Assigned task:
A verbatim copy of the line containing "Some of the words" and all lines after it, up to and including the final line of the records, is the only acceptable output.

____________

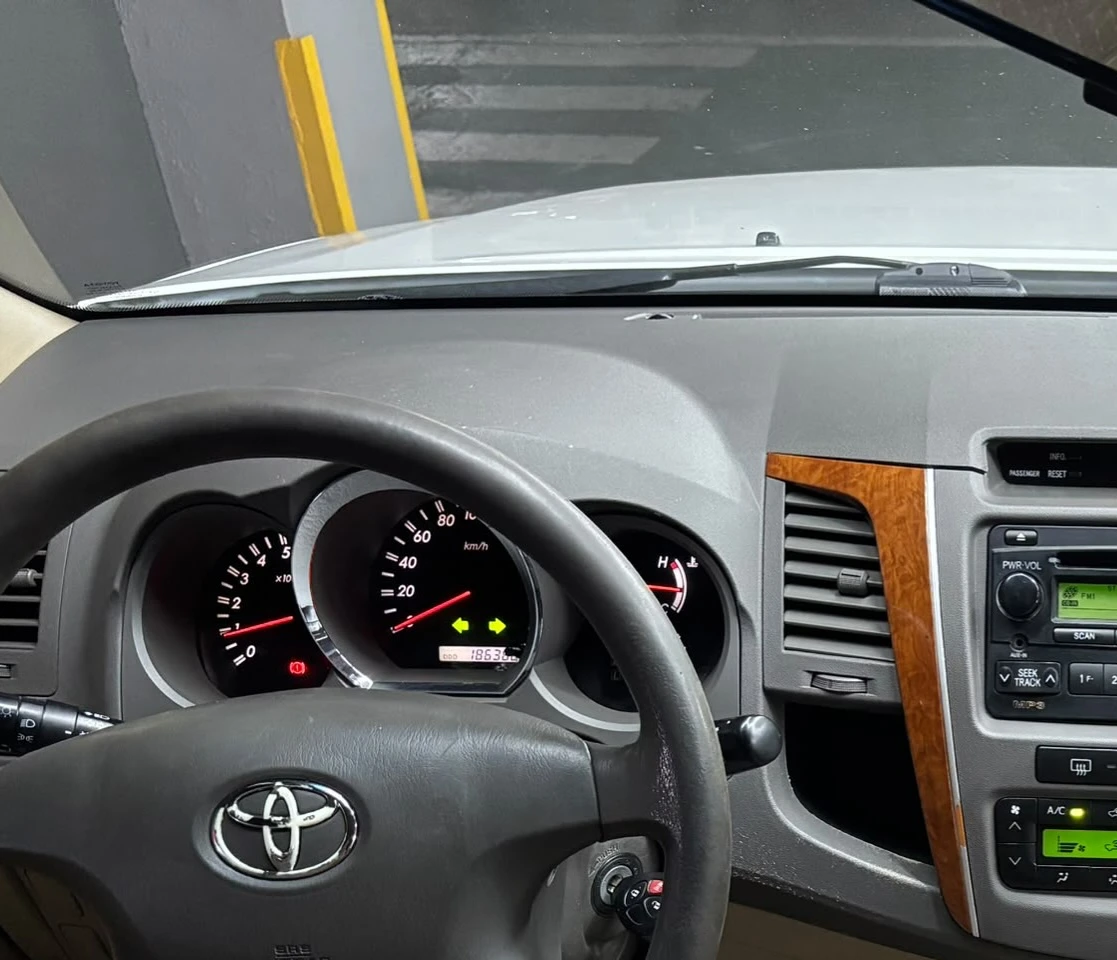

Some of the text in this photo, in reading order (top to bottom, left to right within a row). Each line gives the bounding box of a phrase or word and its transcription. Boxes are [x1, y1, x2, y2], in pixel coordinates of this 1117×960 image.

[1009, 470, 1041, 478] PASSENGER
[1048, 470, 1067, 478] RESET
[437, 514, 456, 527] 80
[413, 530, 432, 543] 60
[464, 541, 489, 551] km/h
[281, 546, 291, 559] 5
[256, 555, 267, 567] 4
[398, 556, 418, 569] 40
[657, 556, 669, 568] H
[239, 572, 250, 586] 3
[396, 585, 416, 598] 20
[231, 597, 242, 610] 2
[1073, 632, 1096, 640] SCAN
[246, 645, 256, 658] 0
[1017, 668, 1038, 678] SEEK
[1079, 674, 1084, 683] 1
[1014, 677, 1042, 687] TRACK
[1111, 676, 1117, 685] 2
[1047, 806, 1066, 815] A/C
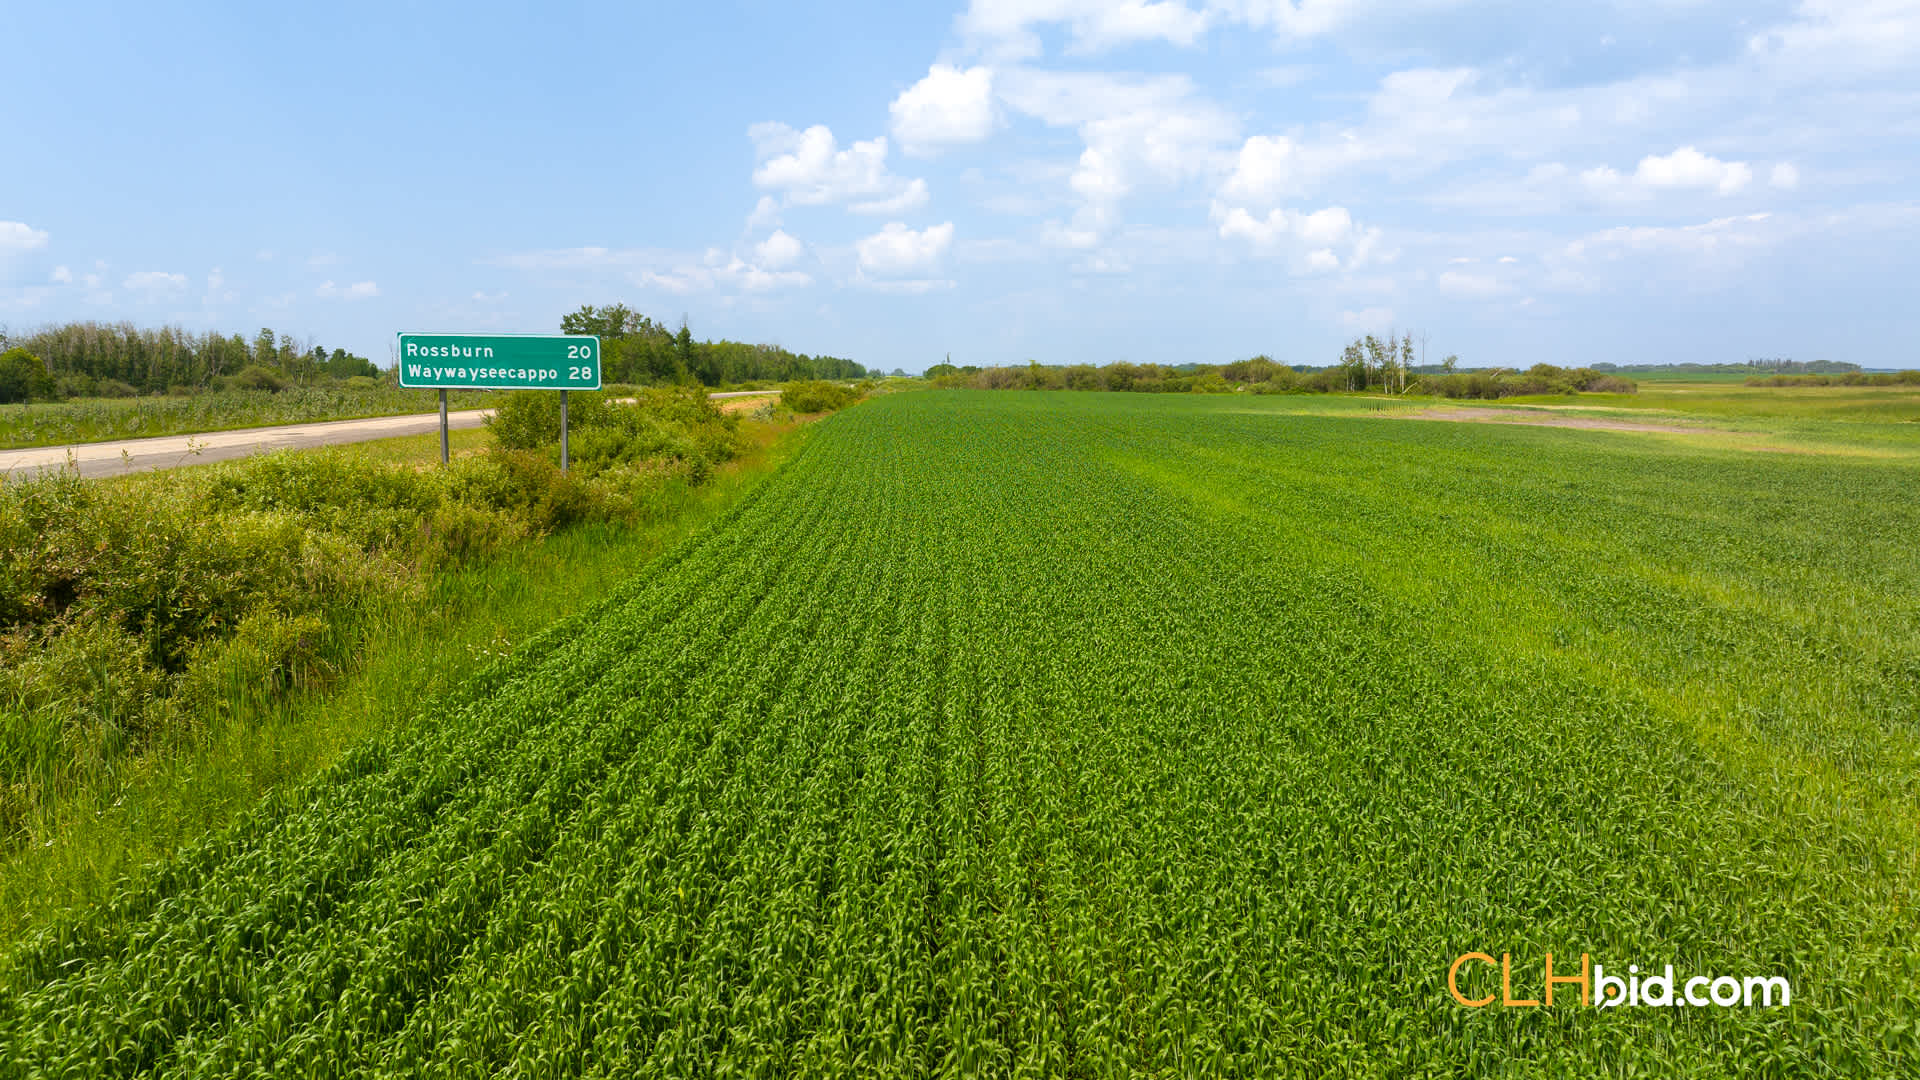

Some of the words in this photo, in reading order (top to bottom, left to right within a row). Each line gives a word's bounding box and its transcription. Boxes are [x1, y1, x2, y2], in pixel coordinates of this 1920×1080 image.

[407, 343, 494, 358] Rossburn
[567, 345, 591, 359] 20
[408, 364, 558, 382] Waywayseecappo
[569, 366, 592, 380] 28

____________

Task answer:
Some of the words in this photo, in reading order (top to bottom, left to right within a row). Each line gives a word's bounding box and its transcription. Boxes are [x1, y1, x2, y2], in pixel coordinates of this 1920×1080 image.

[407, 343, 494, 358] Rossburn
[567, 345, 591, 359] 20
[408, 364, 558, 382] Waywayseecappo
[569, 366, 592, 380] 28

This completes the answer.